Task goal =
Retype every record exactly as it appears.

Data listing =
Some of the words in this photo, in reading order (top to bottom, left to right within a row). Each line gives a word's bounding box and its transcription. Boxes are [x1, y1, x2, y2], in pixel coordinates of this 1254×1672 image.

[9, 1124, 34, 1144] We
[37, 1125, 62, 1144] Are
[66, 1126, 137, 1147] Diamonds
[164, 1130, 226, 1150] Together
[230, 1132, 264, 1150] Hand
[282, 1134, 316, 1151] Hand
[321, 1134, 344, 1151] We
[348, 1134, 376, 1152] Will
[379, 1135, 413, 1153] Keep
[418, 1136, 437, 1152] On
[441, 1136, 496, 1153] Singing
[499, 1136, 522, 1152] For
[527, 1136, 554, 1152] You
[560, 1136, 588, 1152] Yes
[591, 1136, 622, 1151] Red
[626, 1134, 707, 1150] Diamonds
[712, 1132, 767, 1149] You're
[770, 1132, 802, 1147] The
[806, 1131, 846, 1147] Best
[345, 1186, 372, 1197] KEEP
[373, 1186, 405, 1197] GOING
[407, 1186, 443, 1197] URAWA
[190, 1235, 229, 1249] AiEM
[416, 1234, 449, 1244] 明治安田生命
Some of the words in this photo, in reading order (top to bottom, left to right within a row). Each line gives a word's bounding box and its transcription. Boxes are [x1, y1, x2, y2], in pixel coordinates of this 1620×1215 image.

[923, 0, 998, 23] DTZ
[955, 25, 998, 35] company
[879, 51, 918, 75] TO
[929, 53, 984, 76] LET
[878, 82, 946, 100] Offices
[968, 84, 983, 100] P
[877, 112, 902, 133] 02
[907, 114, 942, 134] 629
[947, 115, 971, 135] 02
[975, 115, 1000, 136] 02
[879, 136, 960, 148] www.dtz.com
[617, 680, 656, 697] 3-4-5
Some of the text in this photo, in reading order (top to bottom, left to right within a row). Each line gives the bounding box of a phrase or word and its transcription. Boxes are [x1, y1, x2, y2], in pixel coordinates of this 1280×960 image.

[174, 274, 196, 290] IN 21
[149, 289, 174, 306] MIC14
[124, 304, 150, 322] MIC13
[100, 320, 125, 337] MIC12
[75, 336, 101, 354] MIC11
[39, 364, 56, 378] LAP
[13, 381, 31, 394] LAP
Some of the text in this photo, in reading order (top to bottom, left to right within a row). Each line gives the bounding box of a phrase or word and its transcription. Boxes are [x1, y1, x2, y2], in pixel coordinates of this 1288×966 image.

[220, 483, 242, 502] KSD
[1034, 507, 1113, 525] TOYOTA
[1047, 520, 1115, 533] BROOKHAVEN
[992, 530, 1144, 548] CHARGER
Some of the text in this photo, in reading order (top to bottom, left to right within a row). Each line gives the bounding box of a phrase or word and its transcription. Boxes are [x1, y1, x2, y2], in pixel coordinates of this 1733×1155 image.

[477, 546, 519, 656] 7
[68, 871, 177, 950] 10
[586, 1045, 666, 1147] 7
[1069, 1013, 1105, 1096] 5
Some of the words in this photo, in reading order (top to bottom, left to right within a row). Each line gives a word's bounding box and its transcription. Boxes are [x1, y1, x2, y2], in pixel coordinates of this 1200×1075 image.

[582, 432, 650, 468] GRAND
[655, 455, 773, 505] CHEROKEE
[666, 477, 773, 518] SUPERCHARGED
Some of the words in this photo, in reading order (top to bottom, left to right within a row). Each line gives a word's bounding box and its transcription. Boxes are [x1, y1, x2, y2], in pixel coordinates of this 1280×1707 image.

Task response =
Some of the words in this photo, in reading order (top to bottom, left to right within a row). Each line gives a word's bounding box and its transcription. Boxes are [x1, y1, x2, y2], in pixel coordinates of this 1254×1672 image.

[9, 1124, 34, 1144] We
[37, 1125, 62, 1144] Are
[66, 1126, 137, 1147] Diamonds
[164, 1130, 226, 1150] Together
[230, 1132, 264, 1150] Hand
[282, 1134, 316, 1151] Hand
[321, 1134, 344, 1151] We
[348, 1134, 376, 1152] Will
[379, 1135, 413, 1153] Keep
[418, 1136, 437, 1152] On
[441, 1136, 496, 1153] Singing
[499, 1136, 522, 1152] For
[527, 1136, 554, 1152] You
[560, 1136, 588, 1152] Yes
[591, 1136, 622, 1151] Red
[626, 1134, 707, 1150] Diamonds
[712, 1132, 767, 1149] You're
[770, 1132, 802, 1147] The
[806, 1131, 846, 1147] Best
[345, 1186, 372, 1197] KEEP
[373, 1186, 405, 1197] GOING
[407, 1186, 443, 1197] URAWA
[190, 1235, 229, 1249] AiEM
[416, 1234, 449, 1244] 明治安田生命
Some of the words in this photo, in reading order (top to bottom, left to right within a row). Each line gives a word's bounding box and its transcription. Boxes are [x1, y1, x2, y2], in pixel coordinates of this 1620×1215 image.

[923, 0, 998, 23] DTZ
[955, 25, 998, 35] company
[879, 51, 918, 75] TO
[929, 53, 984, 76] LET
[878, 82, 946, 100] Offices
[968, 84, 983, 100] P
[877, 112, 902, 133] 02
[907, 114, 942, 134] 629
[947, 115, 971, 135] 02
[975, 115, 1000, 136] 02
[879, 136, 960, 148] www.dtz.com
[617, 680, 656, 697] 3-4-5
Some of the text in this photo, in reading order (top to bottom, left to right within a row). Each line gives the bounding box of a phrase or word and its transcription. Boxes are [x1, y1, x2, y2], in pixel coordinates of this 1280×960 image.

[174, 274, 196, 290] IN 21
[149, 289, 174, 306] MIC14
[124, 304, 150, 322] MIC13
[100, 320, 125, 337] MIC12
[75, 336, 101, 354] MIC11
[39, 364, 56, 378] LAP
[13, 381, 31, 394] LAP
Some of the text in this photo, in reading order (top to bottom, left to right within a row). Each line gives the bounding box of a phrase or word and its transcription. Boxes are [x1, y1, x2, y2], in pixel coordinates of this 1288×966 image.

[220, 483, 242, 502] KSD
[1034, 507, 1113, 525] TOYOTA
[1047, 520, 1115, 533] BROOKHAVEN
[992, 530, 1144, 548] CHARGER
Some of the text in this photo, in reading order (top to bottom, left to right within a row). Each line gives the bounding box of a phrase or word and its transcription. Boxes are [x1, y1, x2, y2], in pixel coordinates of this 1733×1155 image.

[477, 546, 519, 656] 7
[68, 871, 177, 950] 10
[586, 1045, 666, 1147] 7
[1069, 1013, 1105, 1096] 5
Some of the words in this photo, in reading order (top to bottom, left to right within a row). Each line gives a word's bounding box and its transcription. Boxes are [x1, y1, x2, y2], in pixel coordinates of this 1200×1075 image.

[582, 432, 650, 468] GRAND
[655, 455, 773, 505] CHEROKEE
[666, 477, 773, 518] SUPERCHARGED
Some of the words in this photo, in reading order (top to bottom, left to right within a row). Each line gives a word's bounding box and its transcription. Boxes are [x1, y1, x2, y2], in pixel coordinates of this 1280×1707 image.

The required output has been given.